> **ACTIVITY**
Each entry should be given again exactly, with any image left out.
Content starts
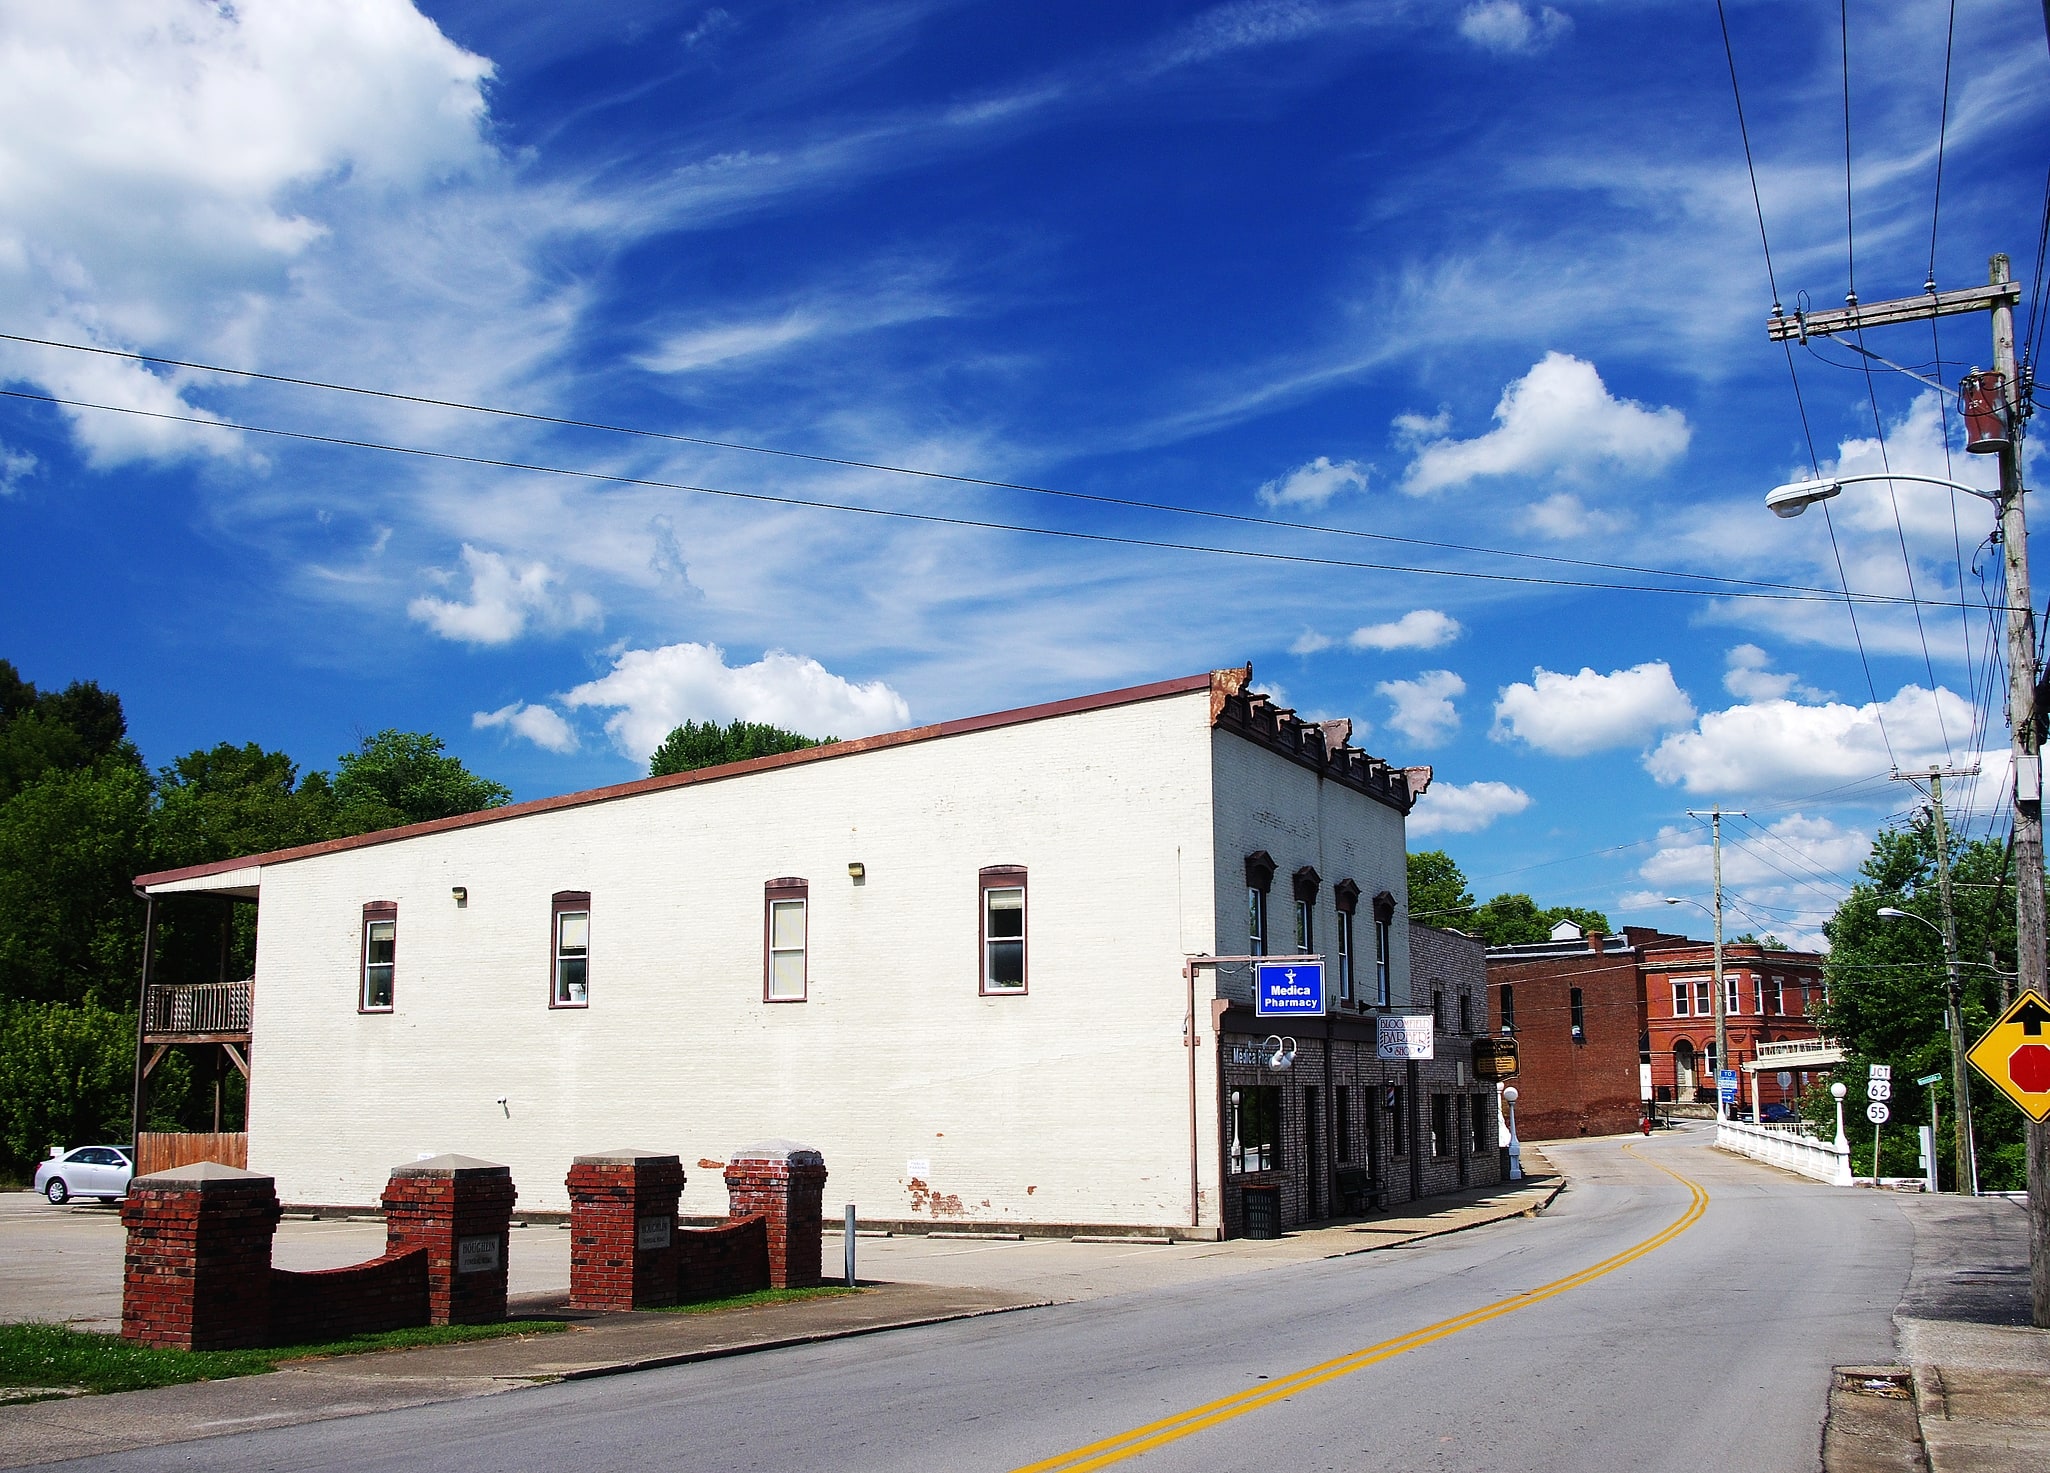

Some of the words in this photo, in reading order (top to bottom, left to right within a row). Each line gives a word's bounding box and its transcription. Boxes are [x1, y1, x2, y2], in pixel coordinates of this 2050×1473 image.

[1270, 985, 1311, 996] Medica
[1264, 998, 1318, 1009] Pharmacy
[1380, 1018, 1430, 1028] BLOOMFIELD
[1383, 1031, 1427, 1044] BARBER
[1233, 1047, 1256, 1064] Medica
[1394, 1046, 1416, 1056] SHOP
[1871, 1067, 1889, 1077] JCT
[1871, 1084, 1887, 1097] 62
[1871, 1106, 1885, 1119] 55
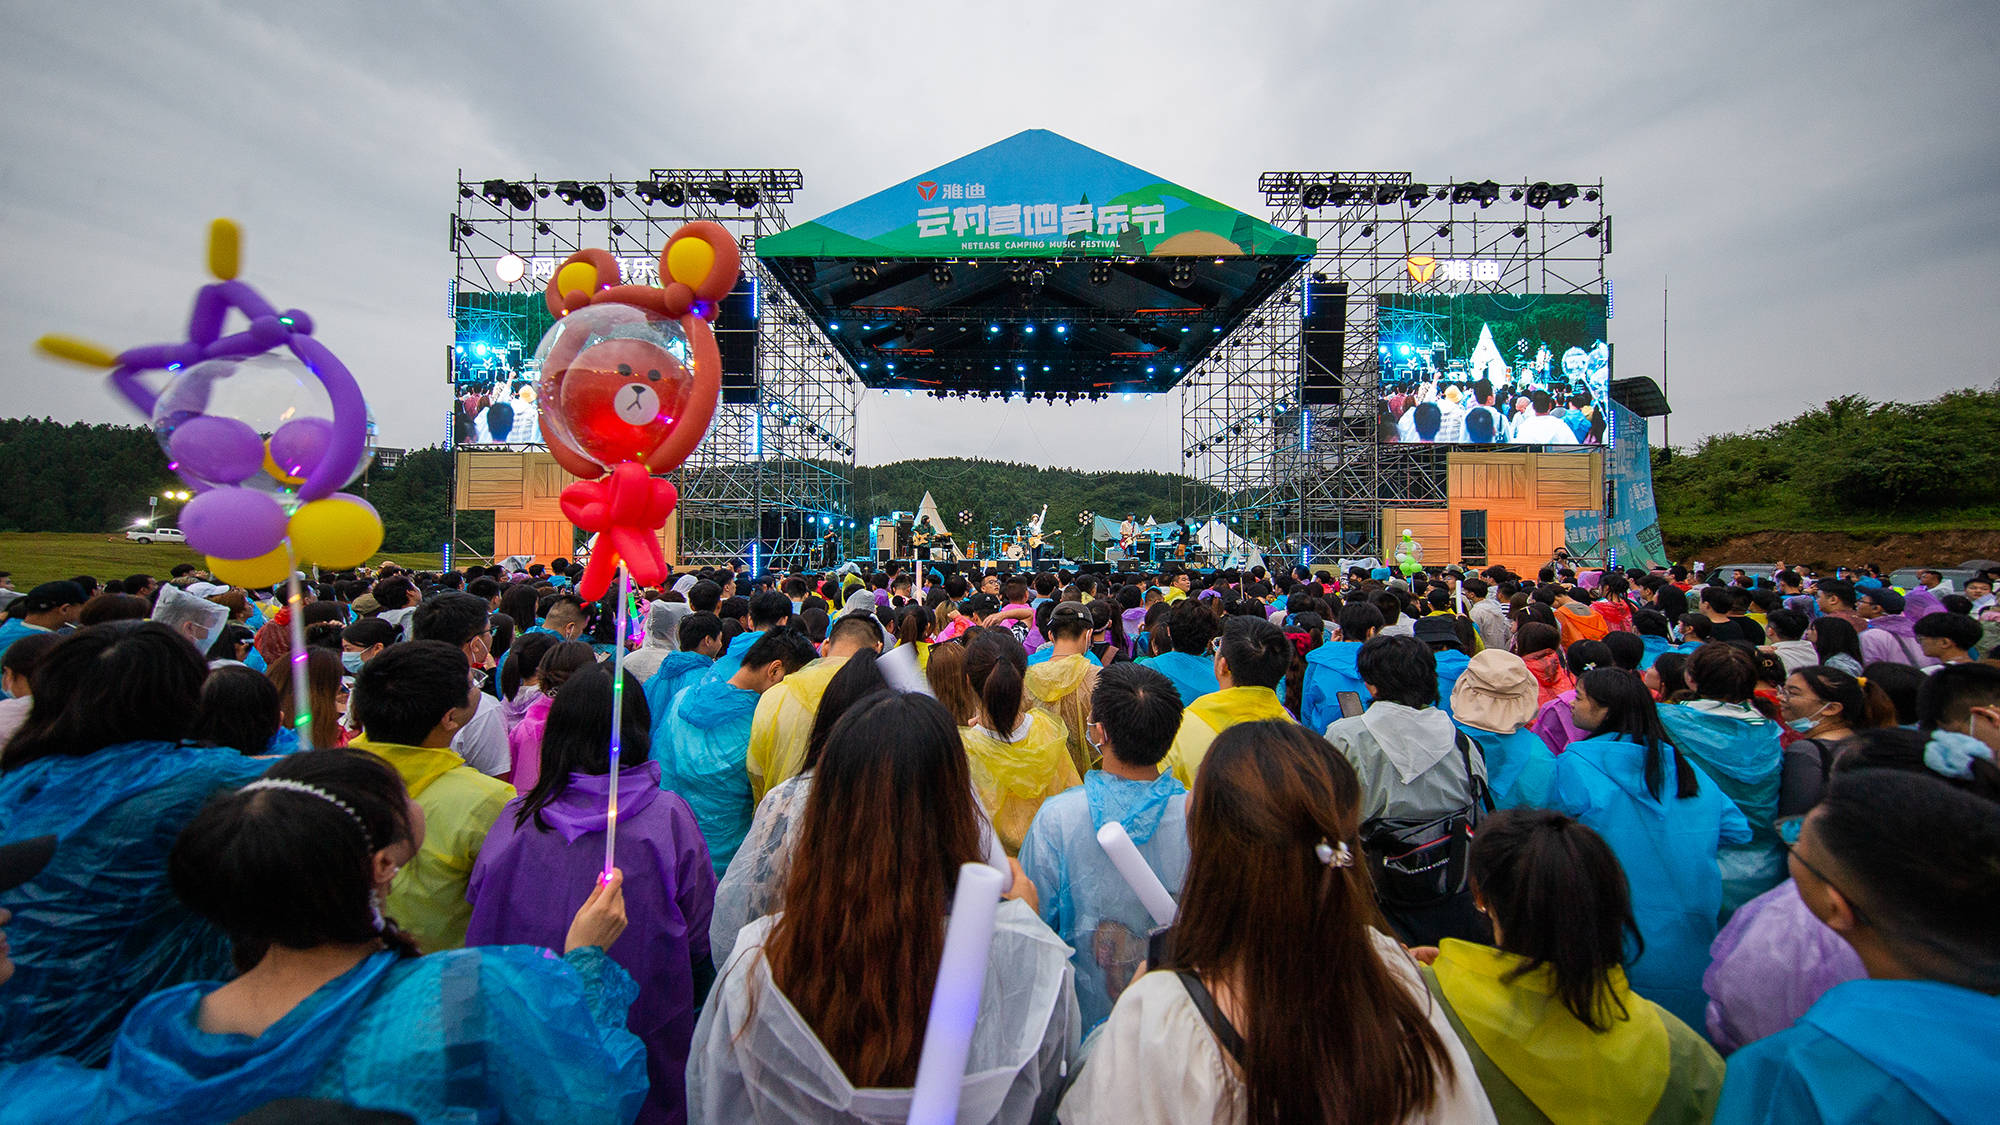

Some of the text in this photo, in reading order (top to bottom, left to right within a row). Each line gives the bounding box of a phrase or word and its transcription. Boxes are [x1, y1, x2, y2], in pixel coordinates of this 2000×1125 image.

[942, 183, 985, 199] 雅迪
[917, 203, 1165, 238] 云村营地音乐节
[961, 240, 1121, 250] NETEASE CAMPING MUSIC FESTIVAL
[1440, 259, 1499, 281] 雅迪
Content ends
> **REPLY TO THE TASK**
Some of the words in this photo, in reading order (top to bottom, left to right within a row). Each line gives a word's bounding box and its transcription. Boxes are [x1, y1, x2, y2], in pixel coordinates of this 2050×1473 image.

[1270, 985, 1311, 996] Medica
[1264, 998, 1318, 1009] Pharmacy
[1380, 1018, 1430, 1028] BLOOMFIELD
[1383, 1031, 1427, 1044] BARBER
[1233, 1047, 1256, 1064] Medica
[1394, 1046, 1416, 1056] SHOP
[1871, 1067, 1889, 1077] JCT
[1871, 1084, 1887, 1097] 62
[1871, 1106, 1885, 1119] 55

Some of the text in this photo, in reading order (top to bottom, left to right within a row). Each line gives the bounding box of a phrase or word and its transcription. Boxes are [x1, y1, x2, y2], in pixel coordinates of this 2000×1125 image.

[942, 183, 985, 199] 雅迪
[917, 203, 1165, 238] 云村营地音乐节
[961, 240, 1121, 250] NETEASE CAMPING MUSIC FESTIVAL
[1440, 259, 1499, 281] 雅迪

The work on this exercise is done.